TASK PROMPT:
Because only the text is wanted, repeat the records below exactly and omit the pictures.

MATERIAL FOR THIS EXERCISE:
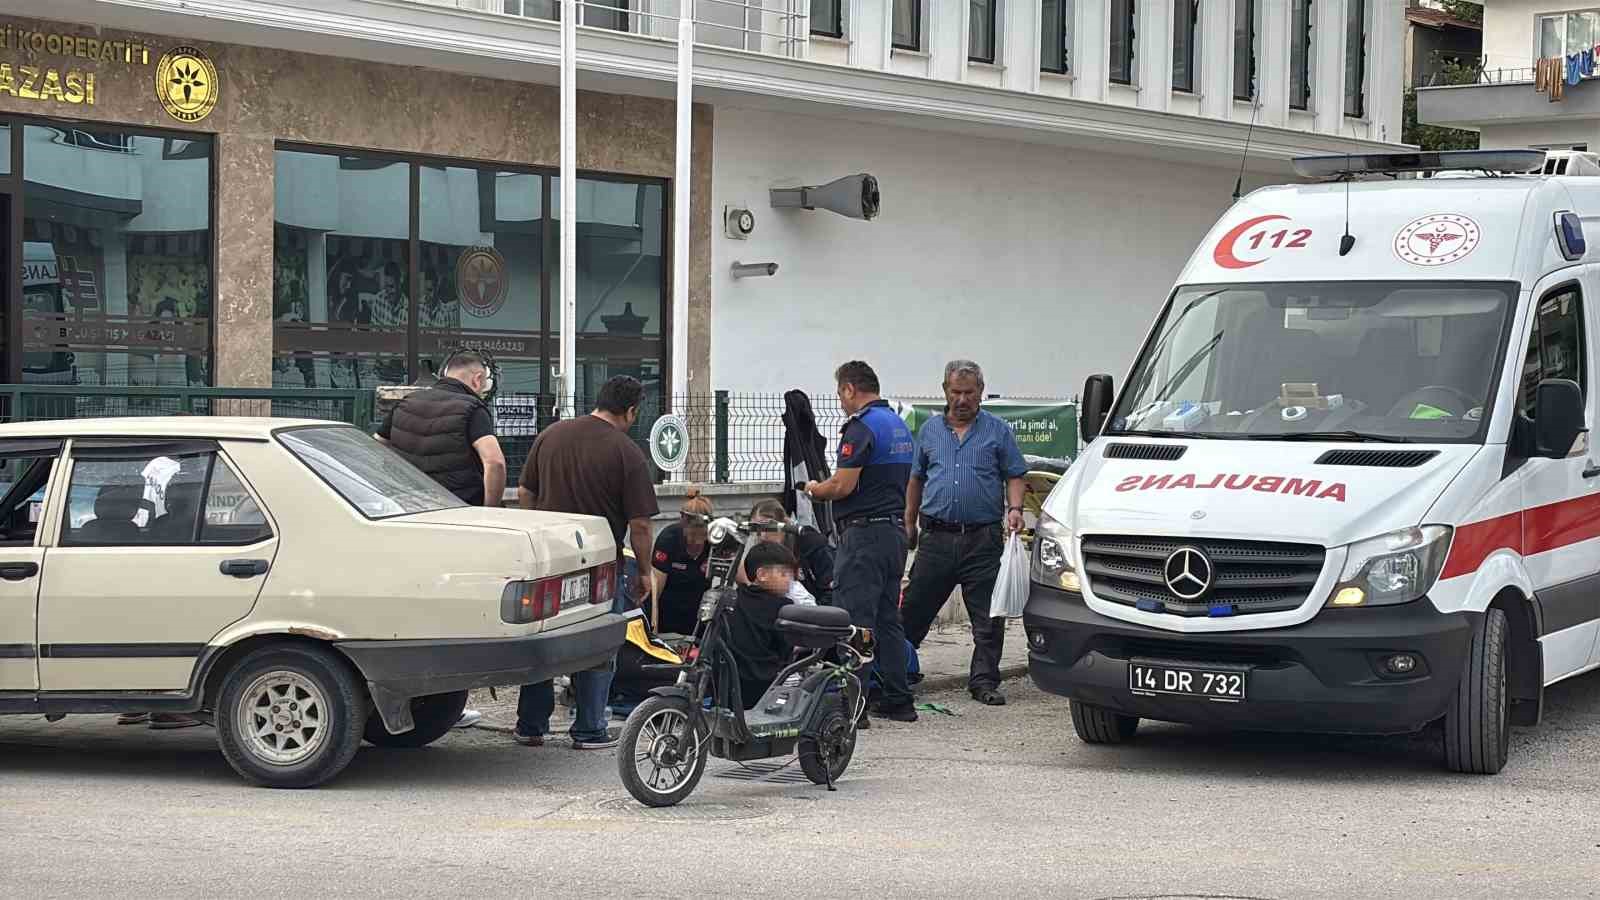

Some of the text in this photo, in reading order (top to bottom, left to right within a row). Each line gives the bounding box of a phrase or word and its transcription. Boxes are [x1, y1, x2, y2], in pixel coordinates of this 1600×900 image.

[19, 27, 150, 65] KOOPERATİFİ
[1249, 229, 1313, 250] 112
[1135, 667, 1241, 695] 14 DR 732
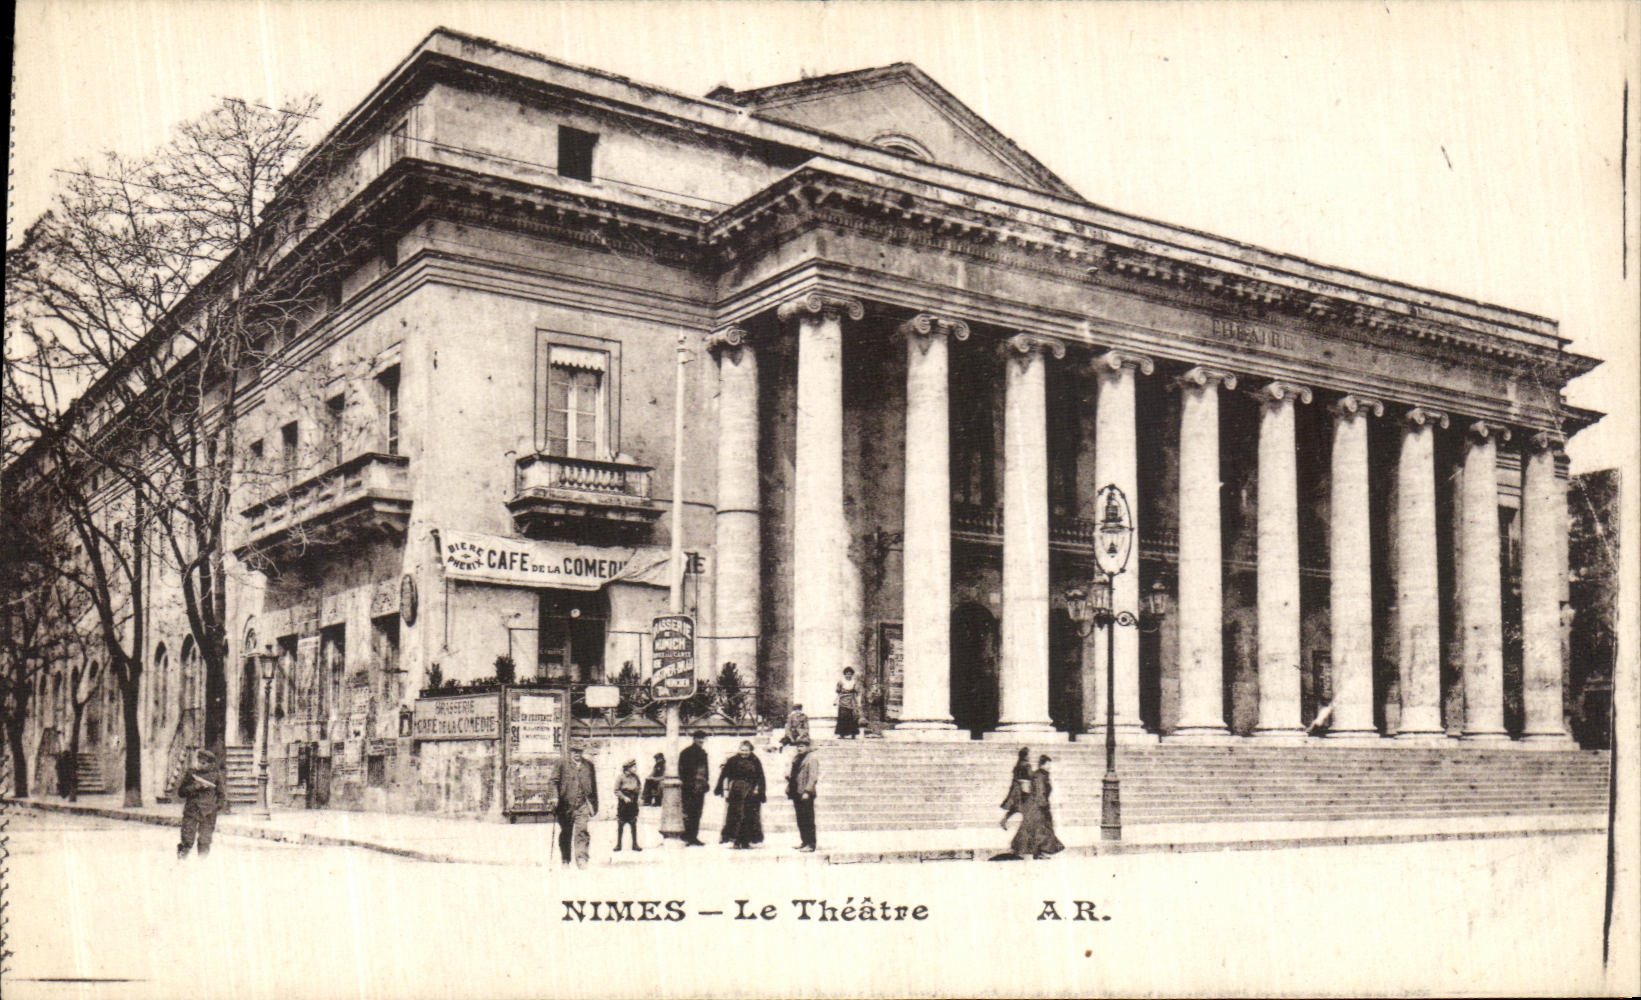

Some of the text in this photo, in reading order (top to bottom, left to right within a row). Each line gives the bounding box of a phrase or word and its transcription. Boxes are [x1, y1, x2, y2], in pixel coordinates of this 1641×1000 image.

[448, 542, 484, 557] BIERE
[448, 555, 484, 570] PHENIX
[487, 549, 529, 572] CAFE
[531, 565, 545, 573] DE
[547, 565, 561, 574] LA
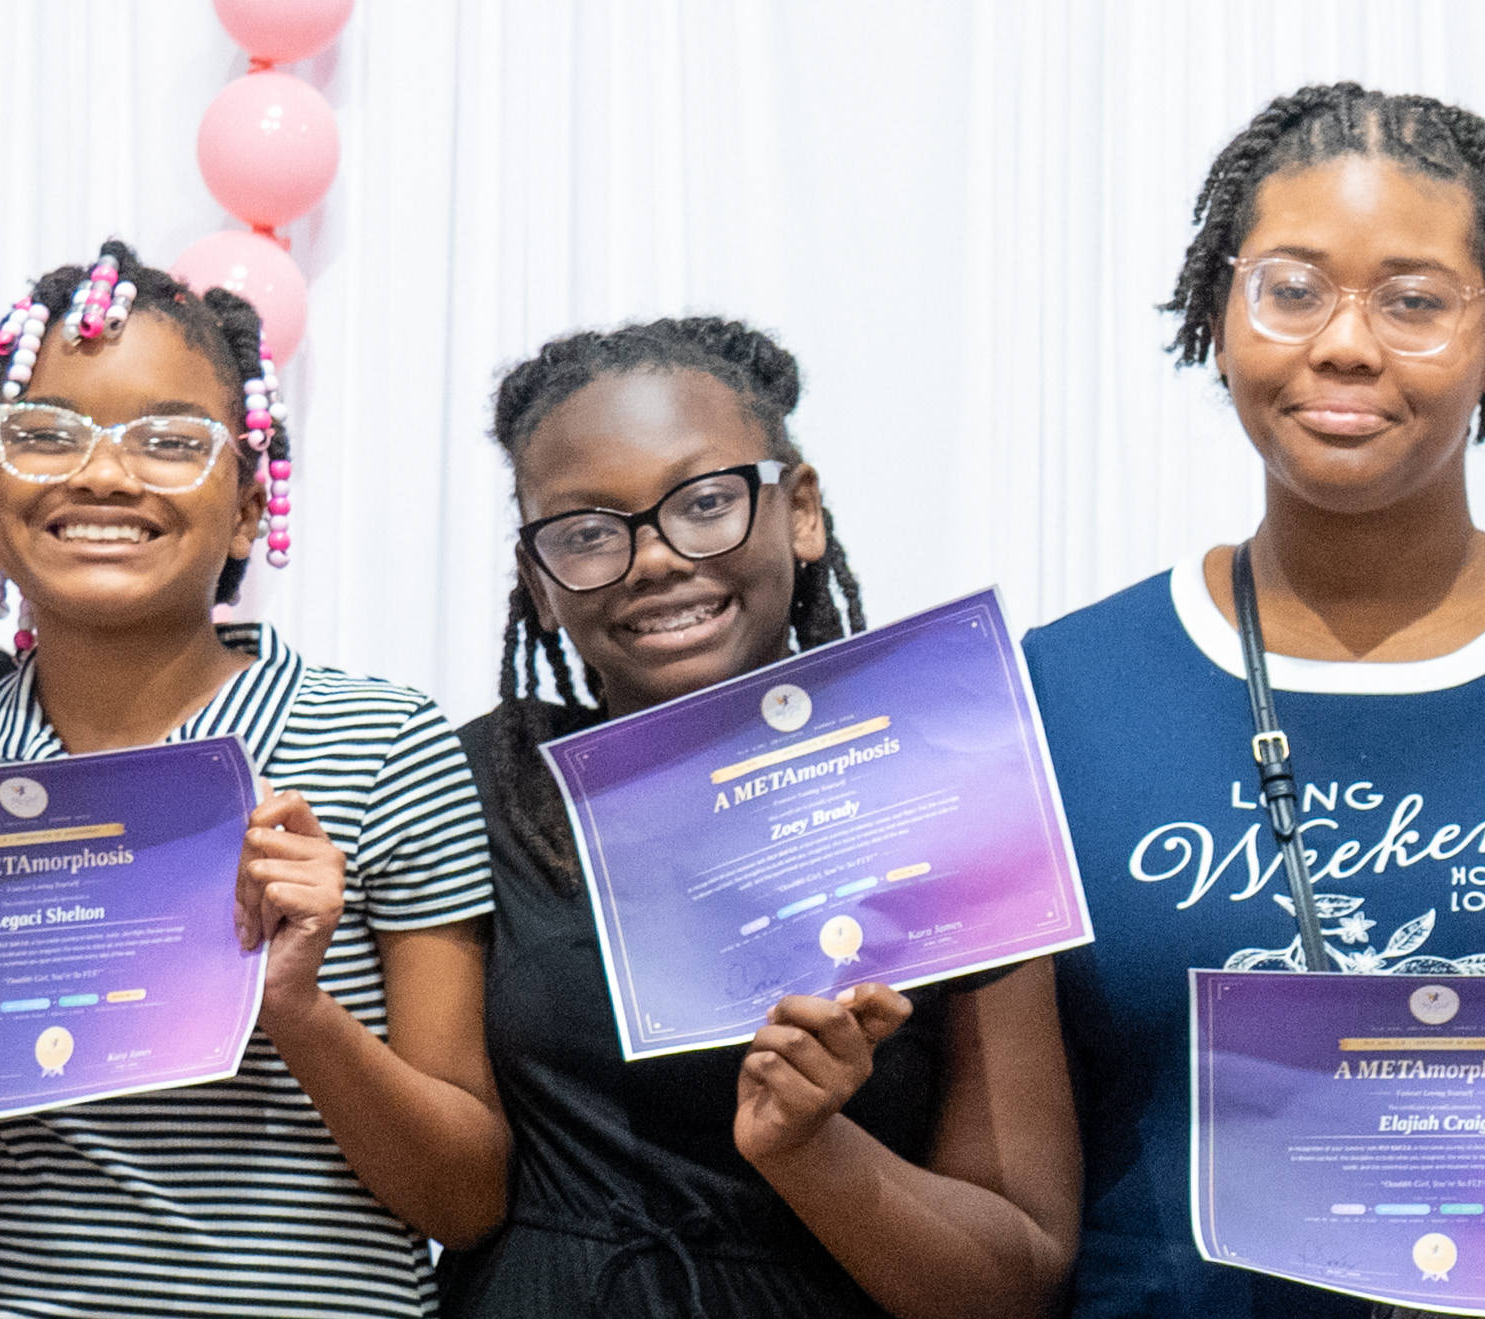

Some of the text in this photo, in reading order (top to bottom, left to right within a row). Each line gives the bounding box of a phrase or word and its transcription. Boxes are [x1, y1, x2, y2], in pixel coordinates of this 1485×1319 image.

[714, 737, 900, 813] A METAmorphosis
[1232, 781, 1384, 811] LNG
[771, 818, 808, 841] Zoey
[812, 800, 861, 828] Brady
[47, 904, 104, 924] Shelton
[1334, 1062, 1352, 1079] A
[1379, 1115, 1440, 1134] Elajiah
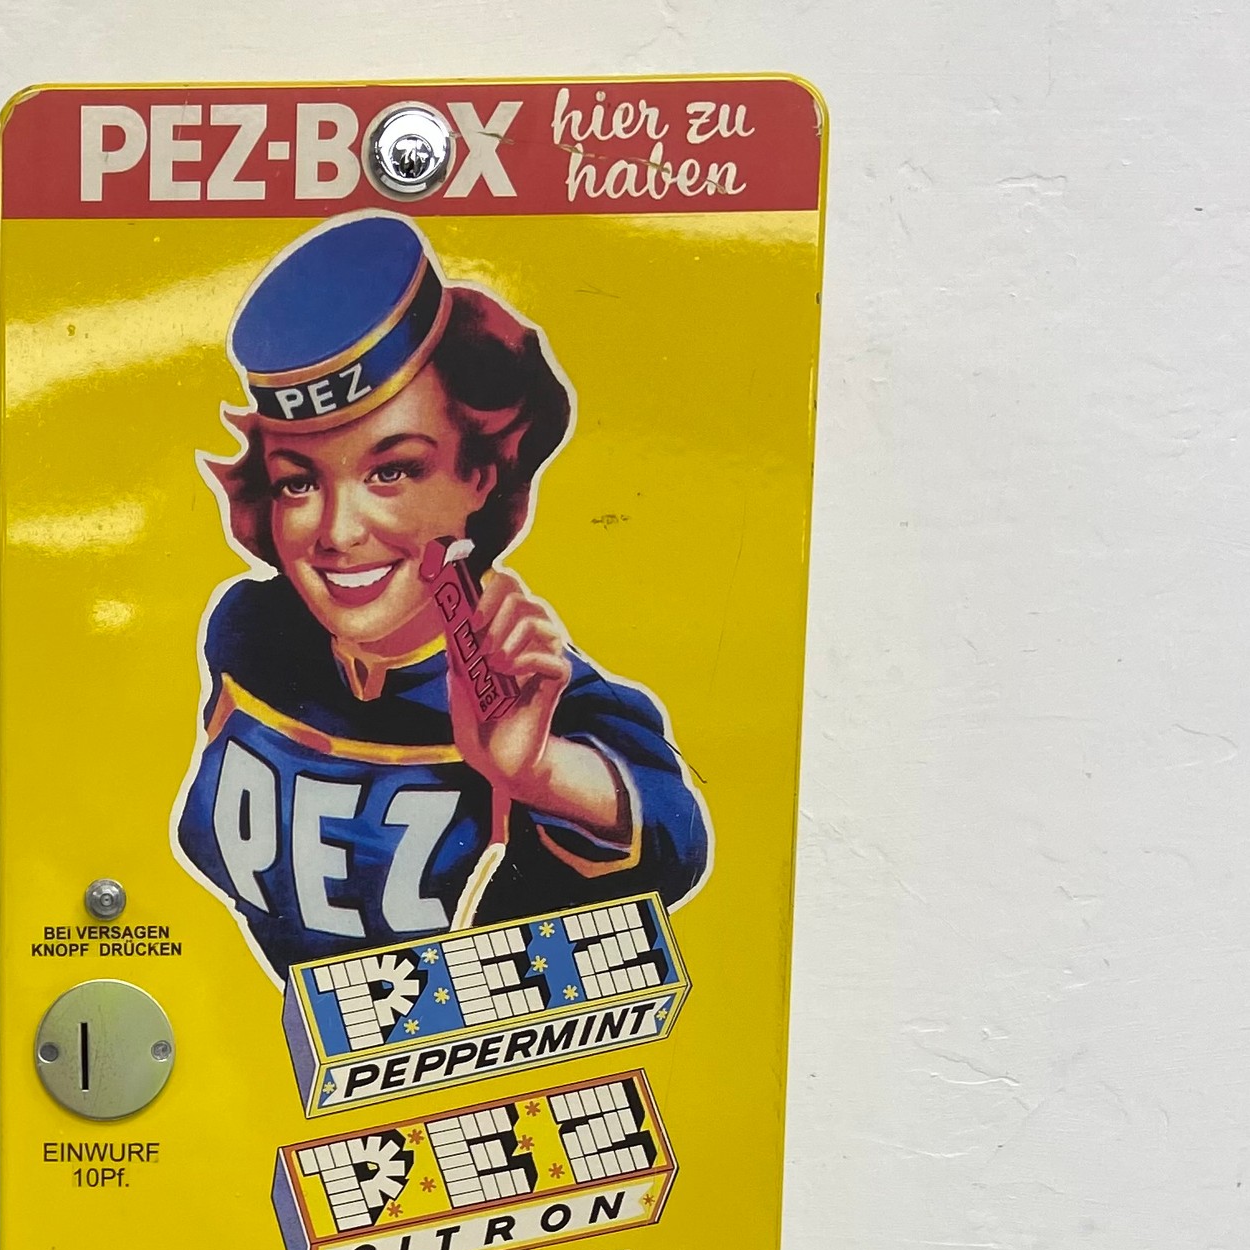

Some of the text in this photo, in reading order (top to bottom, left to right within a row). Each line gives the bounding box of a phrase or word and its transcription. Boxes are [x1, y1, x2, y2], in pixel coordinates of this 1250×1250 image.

[79, 88, 755, 201] PEZ-BX hier zu
[564, 141, 748, 202] haben
[275, 362, 372, 419] PEZ
[435, 582, 493, 698] PEZ
[213, 738, 462, 938] PEZ
[31, 939, 182, 958] KNOPF DRÜCKEN
[44, 925, 170, 941] BEI VERSAGEN
[313, 903, 661, 1051] PEZ
[344, 1002, 658, 1098] PEPPERMINT
[43, 1143, 160, 1163] EINWURF
[73, 1167, 130, 1188] 10Pf.
[297, 1082, 653, 1232] PEZ

ANSWER:
Some of the text in this photo, in reading order (top to bottom, left to right within a row). Each line gives the bounding box of a phrase or word and its transcription. Boxes are [x1, y1, x2, y2], in pixel coordinates of this 1600×900 image.

[19, 27, 150, 65] KOOPERATİFİ
[1249, 229, 1313, 250] 112
[1135, 667, 1241, 695] 14 DR 732

Some of the text in this photo, in reading order (top to bottom, left to right within a row). Each line gives the bounding box of a phrase or word and its transcription. Boxes are [x1, y1, x2, y2], in pixel coordinates of this 1641×1000 image.

[448, 542, 484, 557] BIERE
[448, 555, 484, 570] PHENIX
[487, 549, 529, 572] CAFE
[531, 565, 545, 573] DE
[547, 565, 561, 574] LA

Some of the text in this photo, in reading order (top to bottom, left to right within a row). Each line gives the bounding box of a phrase or word and its transcription. Boxes are [x1, y1, x2, y2], in pixel coordinates of this 1485×1319 image.

[714, 737, 900, 813] A METAmorphosis
[1232, 781, 1384, 811] LNG
[771, 818, 808, 841] Zoey
[812, 800, 861, 828] Brady
[47, 904, 104, 924] Shelton
[1334, 1062, 1352, 1079] A
[1379, 1115, 1440, 1134] Elajiah

Some of the text in this photo, in reading order (top to bottom, left to right within a row). Each line gives the bounding box of a phrase or word and its transcription. Boxes are [x1, y1, x2, y2], in pixel coordinates of this 1250×1250 image.

[79, 88, 755, 201] PEZ-BX hier zu
[564, 141, 748, 202] haben
[275, 362, 372, 419] PEZ
[435, 582, 493, 698] PEZ
[213, 738, 462, 938] PEZ
[31, 939, 182, 958] KNOPF DRÜCKEN
[44, 925, 170, 941] BEI VERSAGEN
[313, 903, 661, 1051] PEZ
[344, 1002, 658, 1098] PEPPERMINT
[43, 1143, 160, 1163] EINWURF
[73, 1167, 130, 1188] 10Pf.
[297, 1082, 653, 1232] PEZ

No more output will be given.